Stored data entries:

····················

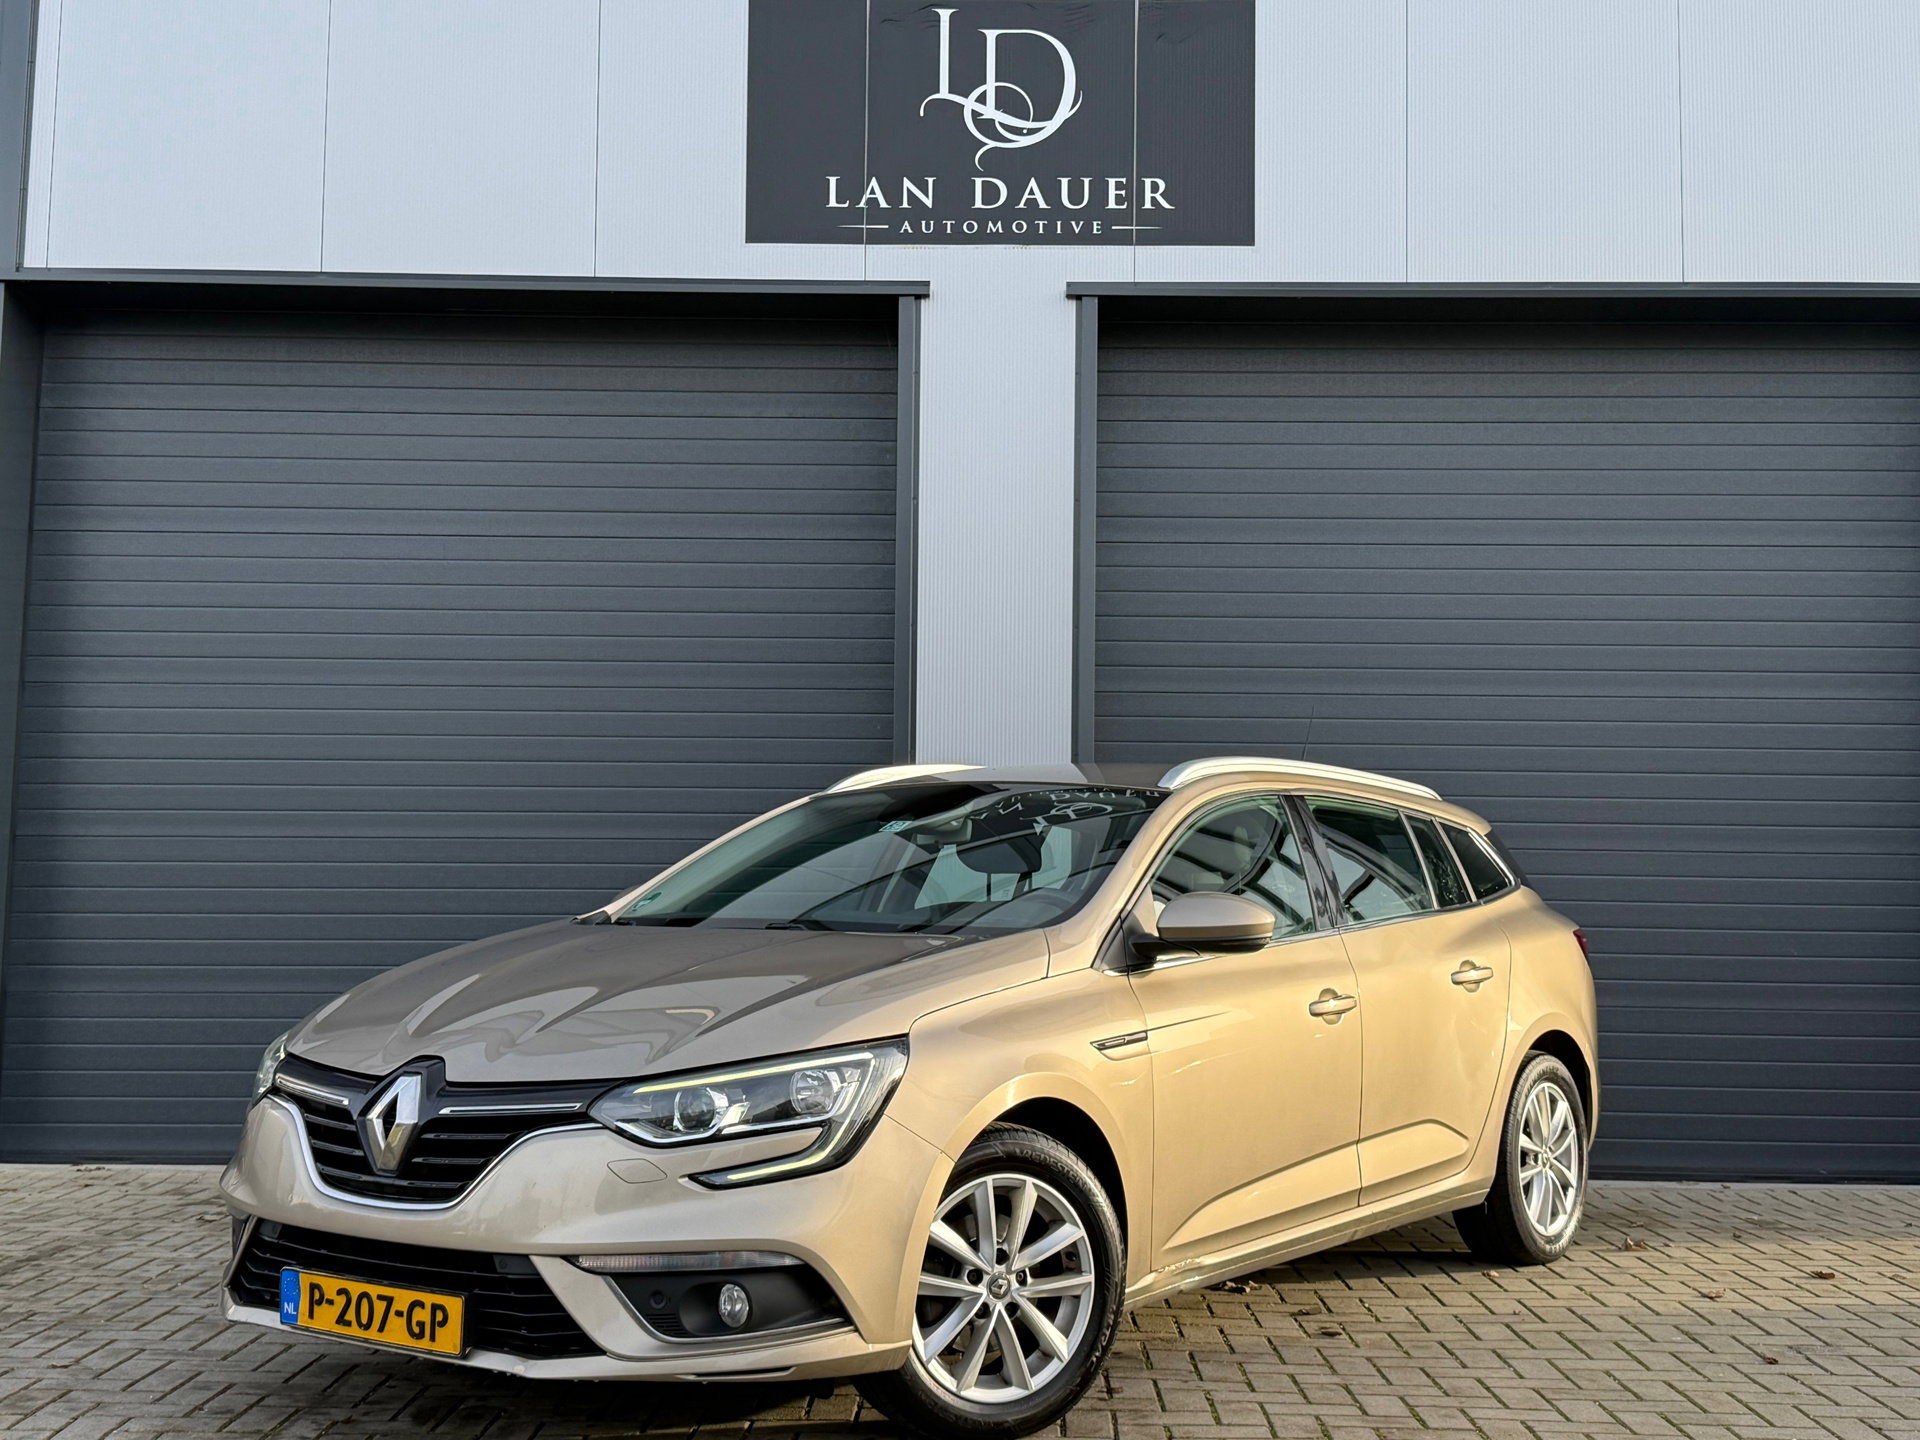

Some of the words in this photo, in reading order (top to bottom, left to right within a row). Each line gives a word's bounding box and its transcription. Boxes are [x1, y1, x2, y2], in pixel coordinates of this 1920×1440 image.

[826, 176, 937, 209] LAN
[971, 177, 1175, 209] DAUER
[900, 220, 1102, 234] AUTOMOTIVE
[283, 1301, 297, 1316] NL
[307, 1281, 450, 1344] P-207-GP
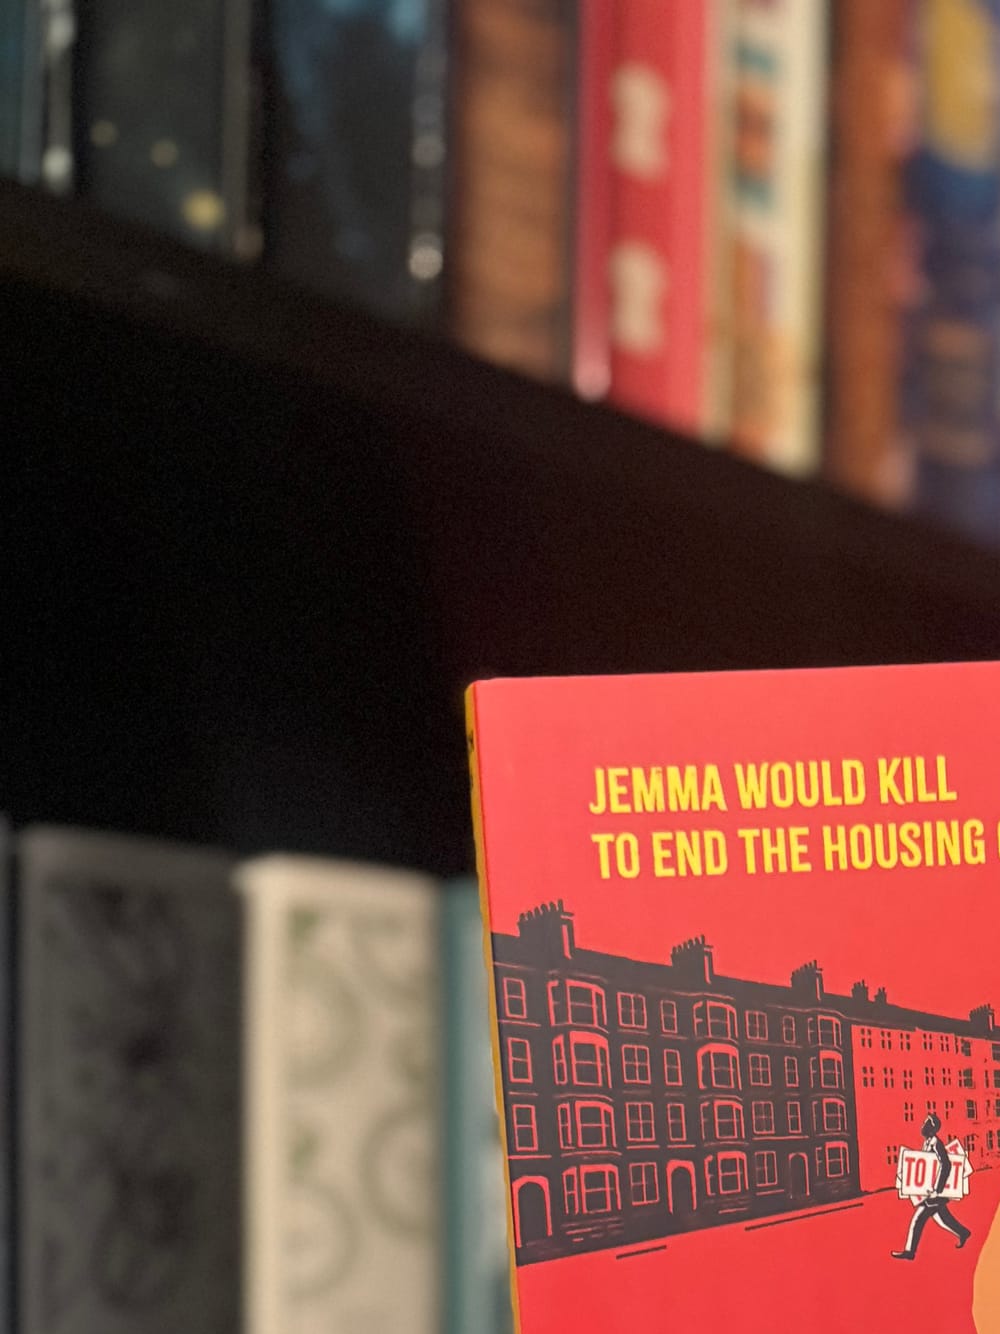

····················

### Required work:
Word for word, set down every line of the records above, and leave the pictures out.

### Output:
Some of the words in this photo, in reading order (top to bottom, left to right within a row). Each line gives a word's bounding box and its transcription. Boxes are [x1, y1, x2, y2], in pixel coordinates of this 1920×1440 image.

[826, 176, 937, 209] LAN
[971, 177, 1175, 209] DAUER
[900, 220, 1102, 234] AUTOMOTIVE
[283, 1301, 297, 1316] NL
[307, 1281, 450, 1344] P-207-GP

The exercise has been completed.